On connaît bien les camions et autres cannettes Pepsi dans les films hollywoodiens. On connaît moins les marques insérées dans les paroles de chansons. Et pourtant, ça paye.

Autrefois pour faire sa cour
On parlait d’amour
Pour mieux prouver son ardeur
On offrait son coeur
Aujourd’hui, c’est plus pareil
Ça change, ça change
Pour séduire le cher ange
On lui glisse à l’oreille
(Ah ? Gudule !)

Viens m’embrasser
Et je te donnerai
Un frigidaire
Un joli scooter
Un atomixer
Et du Dunlopillo
Une cuisinière
Avec un four en verre
Des tas de couverts
Et des pell’ à gâteaux

Boris Vian a-t-il reçu de l’argent de Dunlopillo pour écrire sa Complainte du Progrès ? La question est absurde, mais elle ne le sera plus longtemps. Agenda Inc. publie par exemple son classement American Brandstand qui référence toutes les mentions de marques dans les paroles des chansons du Top 20 des singles aux Etats-Unis. Et « bien que American Brandstand n’ait jamais prétendu être une mesure scientifique des marques, il a émergé comme étant un fort baromètre du rôle des marques parmi un groupe influent de consommateurs« , explique Agenda Inc.

Ainsi en 2004, c’est Cadillac qui était la marque la plus entendue sur les ondes des radios américaines. Le constructeur automobile a ainsi arraché la place de numéro un qui était réservée l’année précédente à… Mercedes.

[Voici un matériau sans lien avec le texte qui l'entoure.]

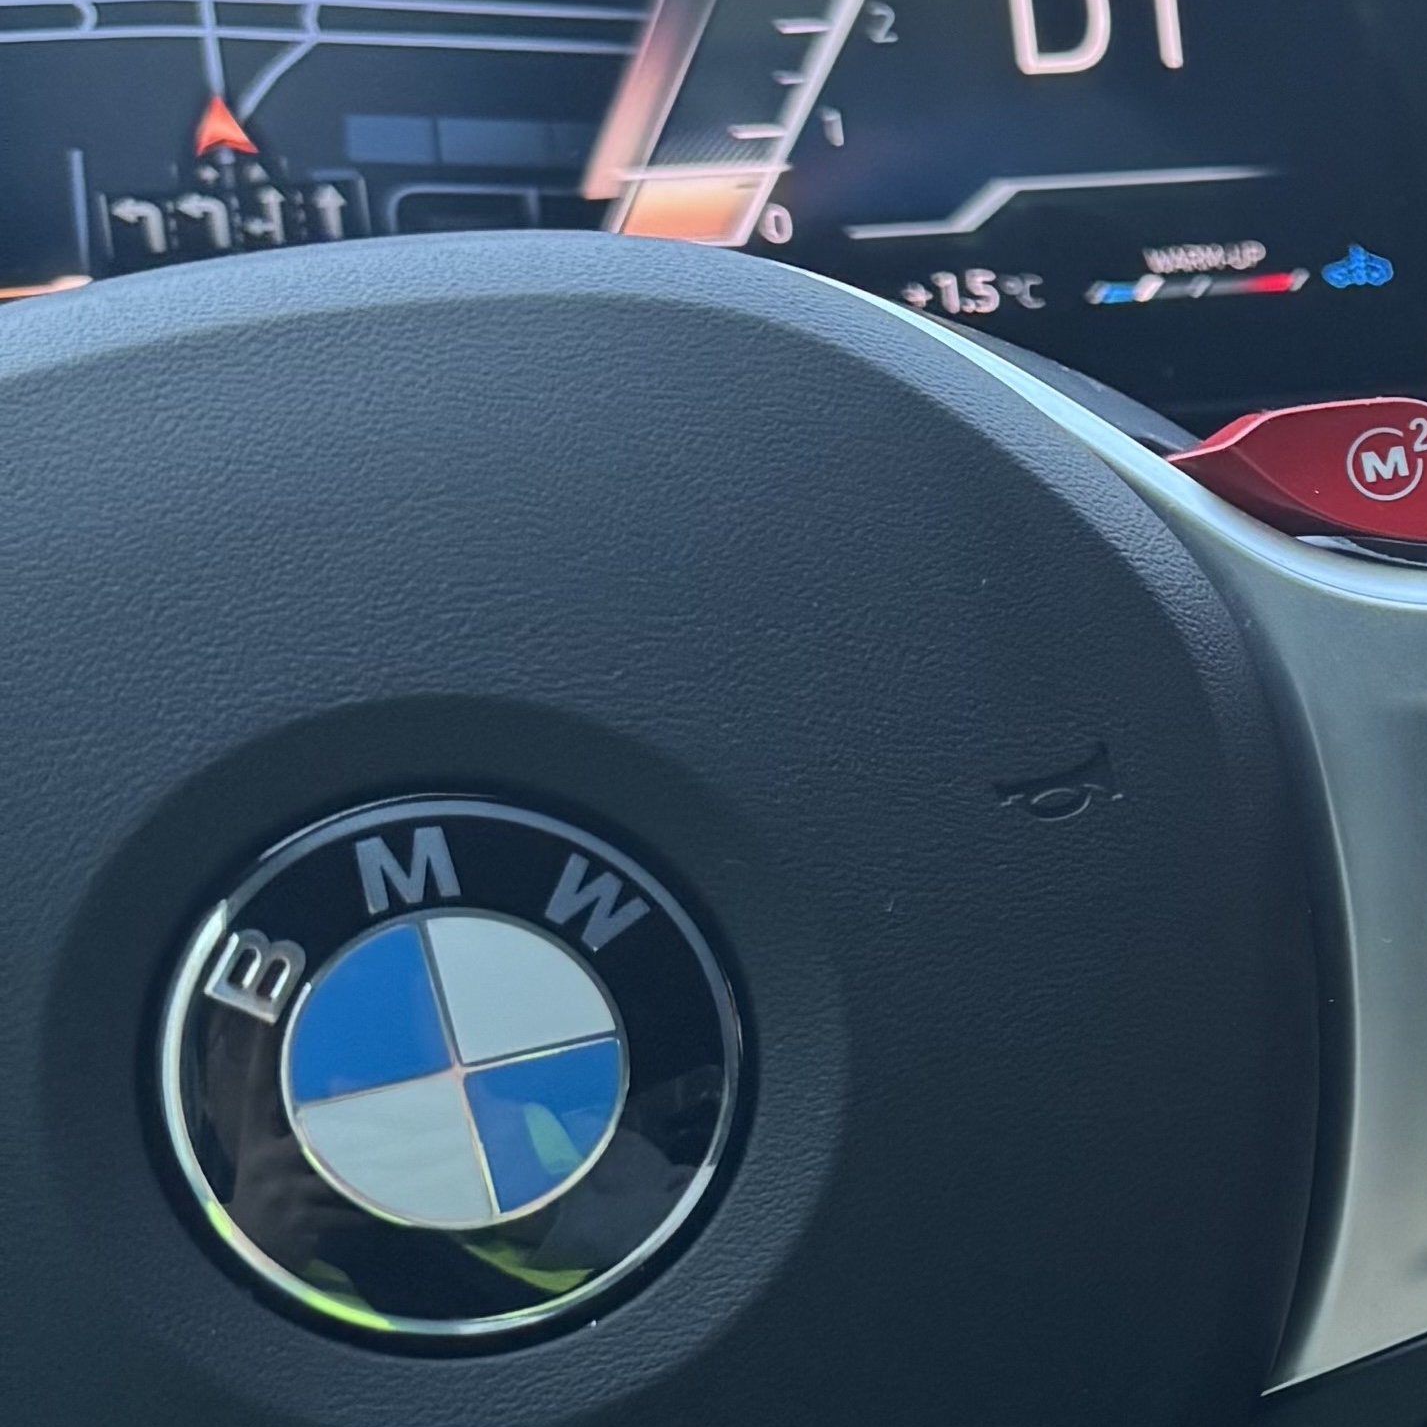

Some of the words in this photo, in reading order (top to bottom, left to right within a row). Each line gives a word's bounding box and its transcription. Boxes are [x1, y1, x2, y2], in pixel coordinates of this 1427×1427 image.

[863, 1, 898, 43] 2
[819, 107, 844, 146] 1
[762, 203, 793, 243] 0
[203, 825, 651, 1025] BMW

Les cabinets marketing commencent à s’intéresser de près au phénomène, et certains sont déjà commissionnés pour placer des marques dans les paroles des chanteurs. C’est le cas de McDonald’s, qui a confié à Maven Strategics le soin de trouver les bons artistes de raps qui devront placer le mot « Big Mac » dans leur texte. Les artistes seront payés entre 1 et 5 dollars à chaque fois que leur chanson sera diffusée à la radio !

L’an dernier, Maven a réussi à faire entrer la marque de gin Seagrams dans pas moins de cinq chansons de rap. Celle de Petey Pablo, Freek-a-leek, a fini deuxième au top 50 2004 des chansons de hip-hop. Une excellente opération pour Seagrams et pour l’artiste. La chanson a été diffusée plus de 350.000 fois, avec comme paroles :
Now I got to give a shout out to Seagram’s Gin/Cause Im drinkin’ it and they payin’ me for it

Avec ce genre de paiements, le piratage pourrait devenir un véritable atout marketing.

Mais est-ce vraiment ce que doit devenir la musique ?

C’est aussi pour éviter cela que le législateur doit rapidement se pencher sur des solutions qui permettront à la fois aux artistes de libérer leur création artistique et au public d’en profiter sans risquer d’absurdes amendes pénales.